Aufbruch im Umbruch

Für Bischof Harald Rein sind die Säkularisierung und die Zukunft der Kirchen Dauerthemen. Er stellt fest, dass die meisten Menschen auf der Suche nach Sinn und Spiritualität sind. Gleichzeitig nehmen ein institutionsloses Christentum oder eine individuell bestimmte Religiosität zu. Doch was bedeutet das für die Kirche? Seine Überlegungen möchten zur Reflexion und Austausch einladen.
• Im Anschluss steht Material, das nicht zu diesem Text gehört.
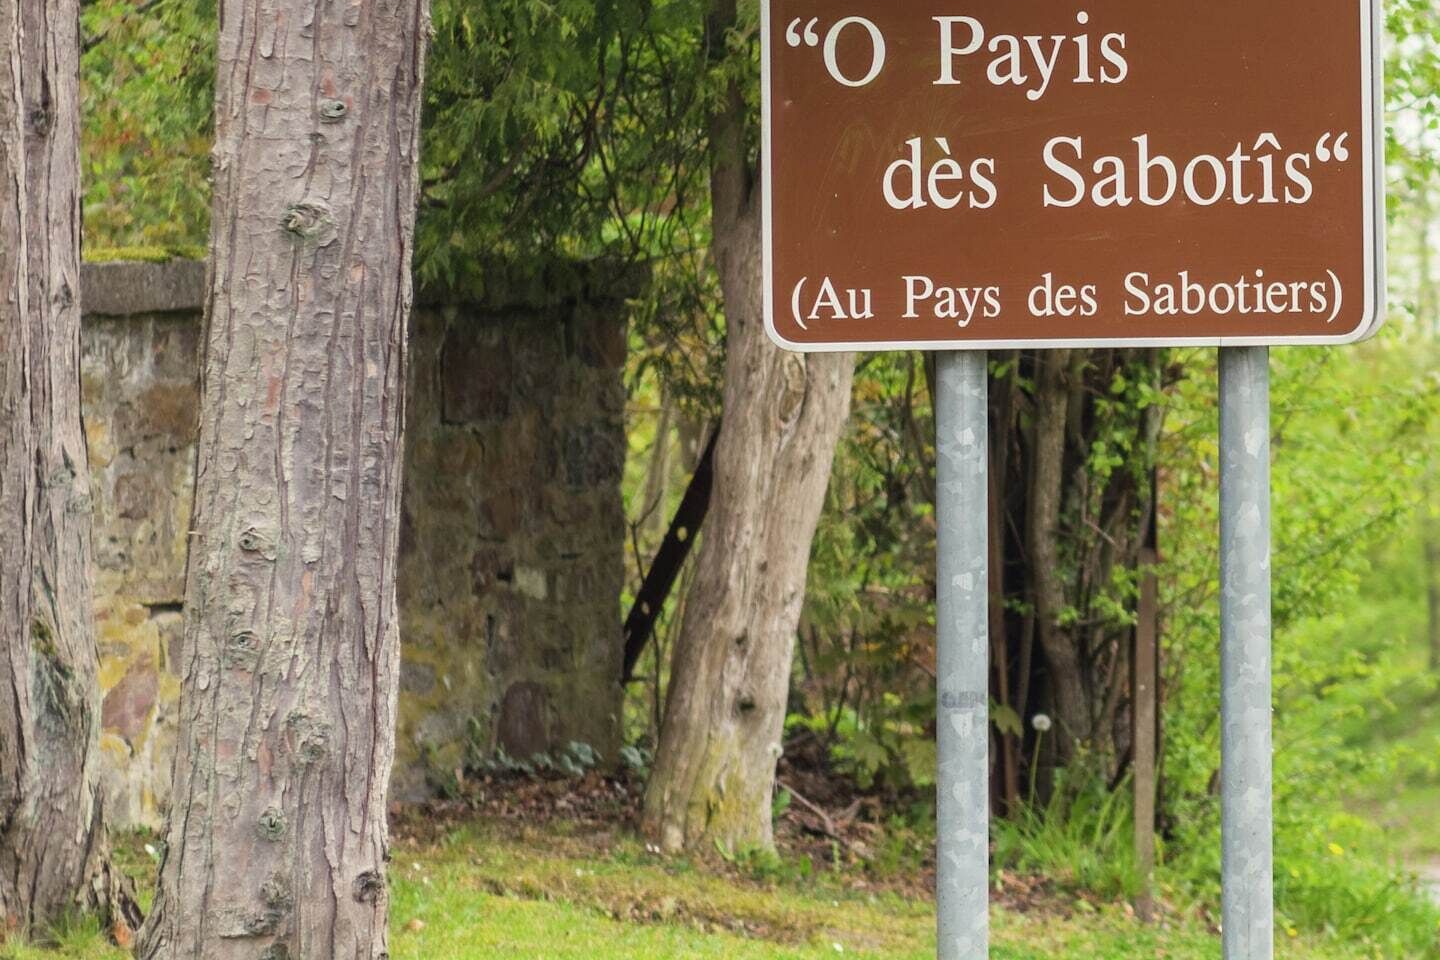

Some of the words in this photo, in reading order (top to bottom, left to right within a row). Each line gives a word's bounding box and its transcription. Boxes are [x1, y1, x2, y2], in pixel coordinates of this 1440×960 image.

[785, 16, 886, 87] “O
[932, 11, 1128, 101] Payis
[882, 136, 998, 210] dès
[791, 276, 875, 330] (Au
[902, 275, 1001, 328] Pays
[1028, 271, 1098, 317] des
[1124, 269, 1343, 323] Sabotiers)
Bischof Harald Rein Firmung 2022 in Bern
(Quelle: Heinz Kolb)

Person
Harald Rein

Amt
Bischof von 2009 bis 2023

Siegelwort
«Nicht Menschenlob, nicht Menschenfurcht.» C. A. von Galen

Lebensdaten
* 01.10.1957 in Bochum

Hinweis zum Bild
Bischof Harald Rein bittet um die Entfaltung der Gabe des Heiligen Geistes anlässlich der Firmung 2022 in Bern.
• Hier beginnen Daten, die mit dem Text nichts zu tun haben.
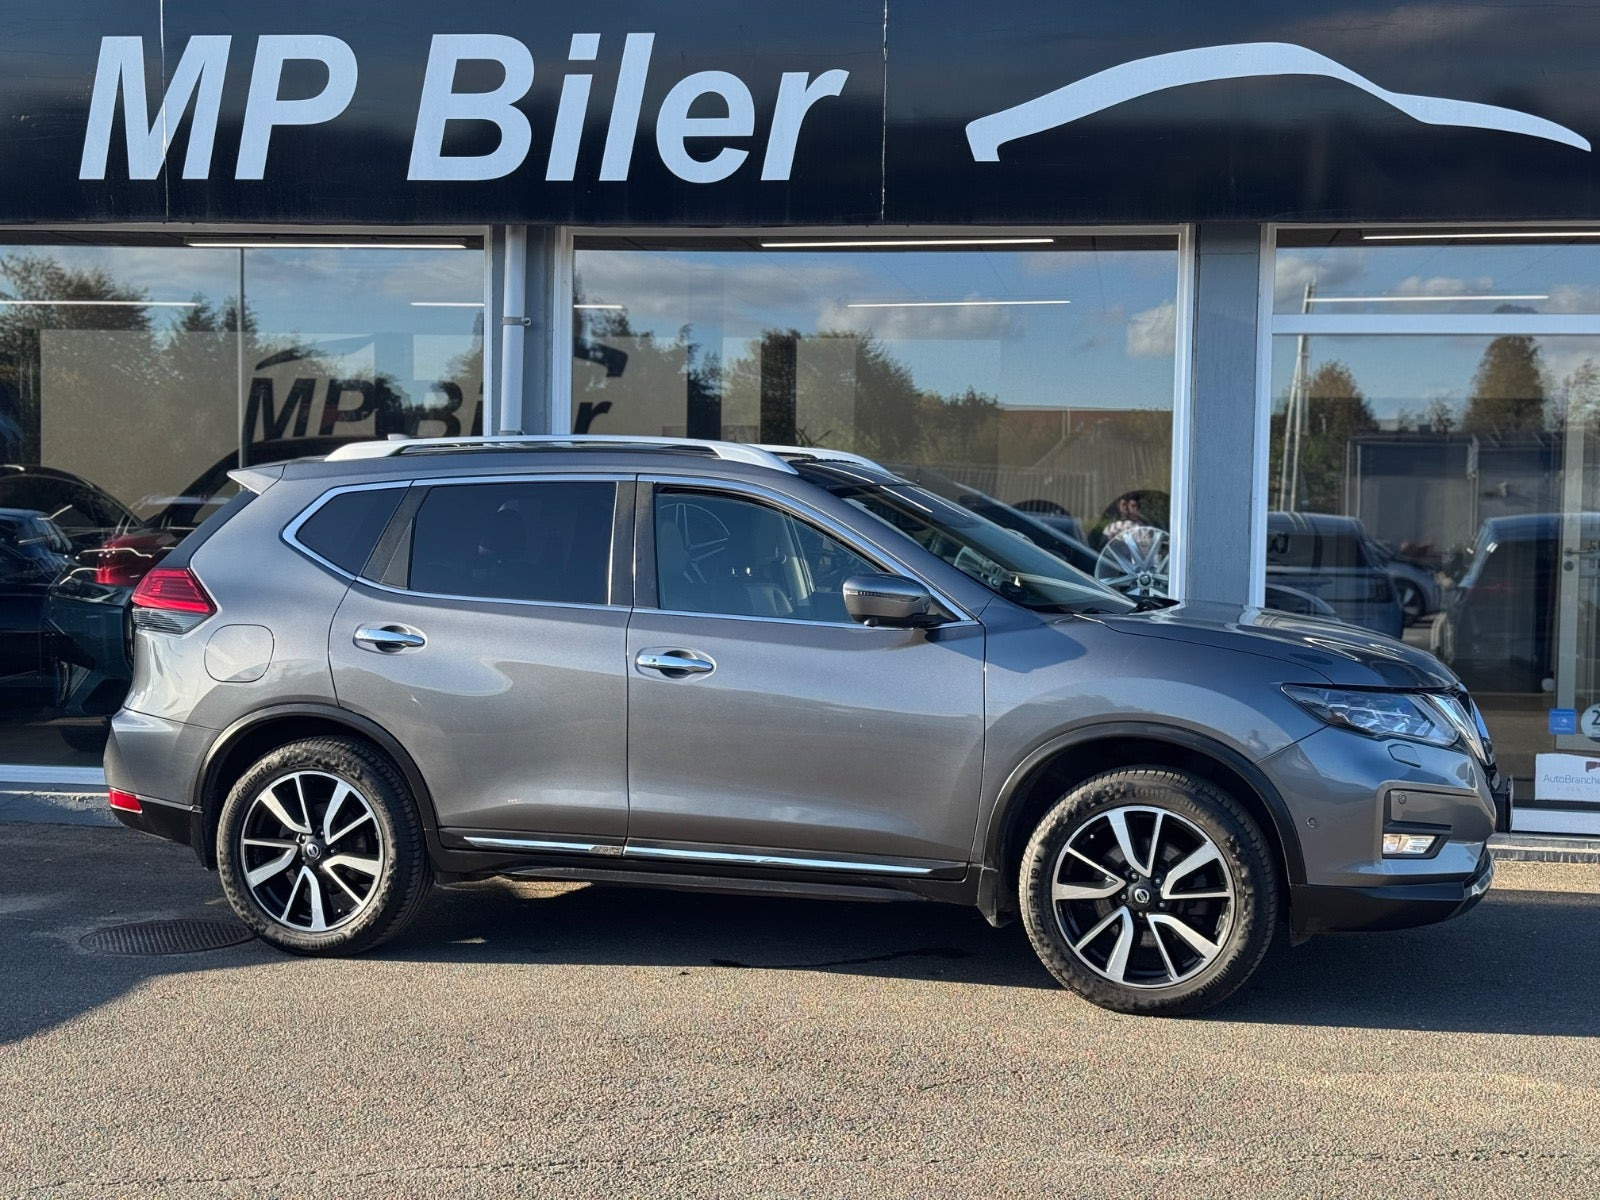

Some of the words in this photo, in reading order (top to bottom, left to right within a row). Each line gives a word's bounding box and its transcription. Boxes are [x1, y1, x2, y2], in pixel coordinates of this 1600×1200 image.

[78, 34, 359, 181] MP
[407, 32, 850, 184] Biler
[247, 377, 377, 442] MP
Hirtenbrief zur Fastenzeit 2023

An die Christkatholikinnen und Christkatholiken

«Seid stets bereit, Rede und Antwort zu stehen, wenn jemand von euch Rechenschaft fordert über die Hoffnung, die euch erfüllt.»

(1. Petrusbrief 3,15)


Liebe Glaubensgeschwister,

Bücher, Aufsätze, Hirtenbriefe, Podiumsdiskussionen. Die Säkularisierung und die Zukunft der Kirchen sind Dauerthemen. Der Trend der Säkularisierung setzt sich unaufhaltsam fort; ebenso die Mitgliederabnahme in den Kirchen und deren Überalterung. In vielen Kirchgemeinden wird es schwierig hinsichtlich des sonntäglichen Gottesdienstbesuches und dem Finden Ehrenamtlicher für die Behörden. Taufen und Trauungen nehmen ab, mittlerweile auch die Beerdigungen; ebenso die Anzahl der Theologiestudierenden.

Gleichzeitig lässt sich ein anderes Phänomen feststellen. Obwohl die Zahl der Konfessionslosen in der Schweiz in den nächsten Jahren die 40% Marke überschreiten wird, sind die meisten Menschen nach wie vor auf der Suche nach Sinn und Spiritualität. Das heisst: ein institutionsloses Christentum bzw. eine individuell bestimmte Religiosität nehmen zu. Braucht es für den christlichen Glauben die Kirche?

Konfessionell oder ökumenisch geprägte Kirchentage mit dem Thema «Ist die Kirche noch zu retten?» finden vermehrt statt, obwohl dies eigentlich ein Paradox ist. Denn wenn die Veranstaltenden nicht der Überzeugung wären, dass die Kirche zu retten ist, könnten sie ihre Zeit sinnvoller verwenden.

Widersprüche und Unklarheiten sind Zeichen des Umbruchs und der Veränderung.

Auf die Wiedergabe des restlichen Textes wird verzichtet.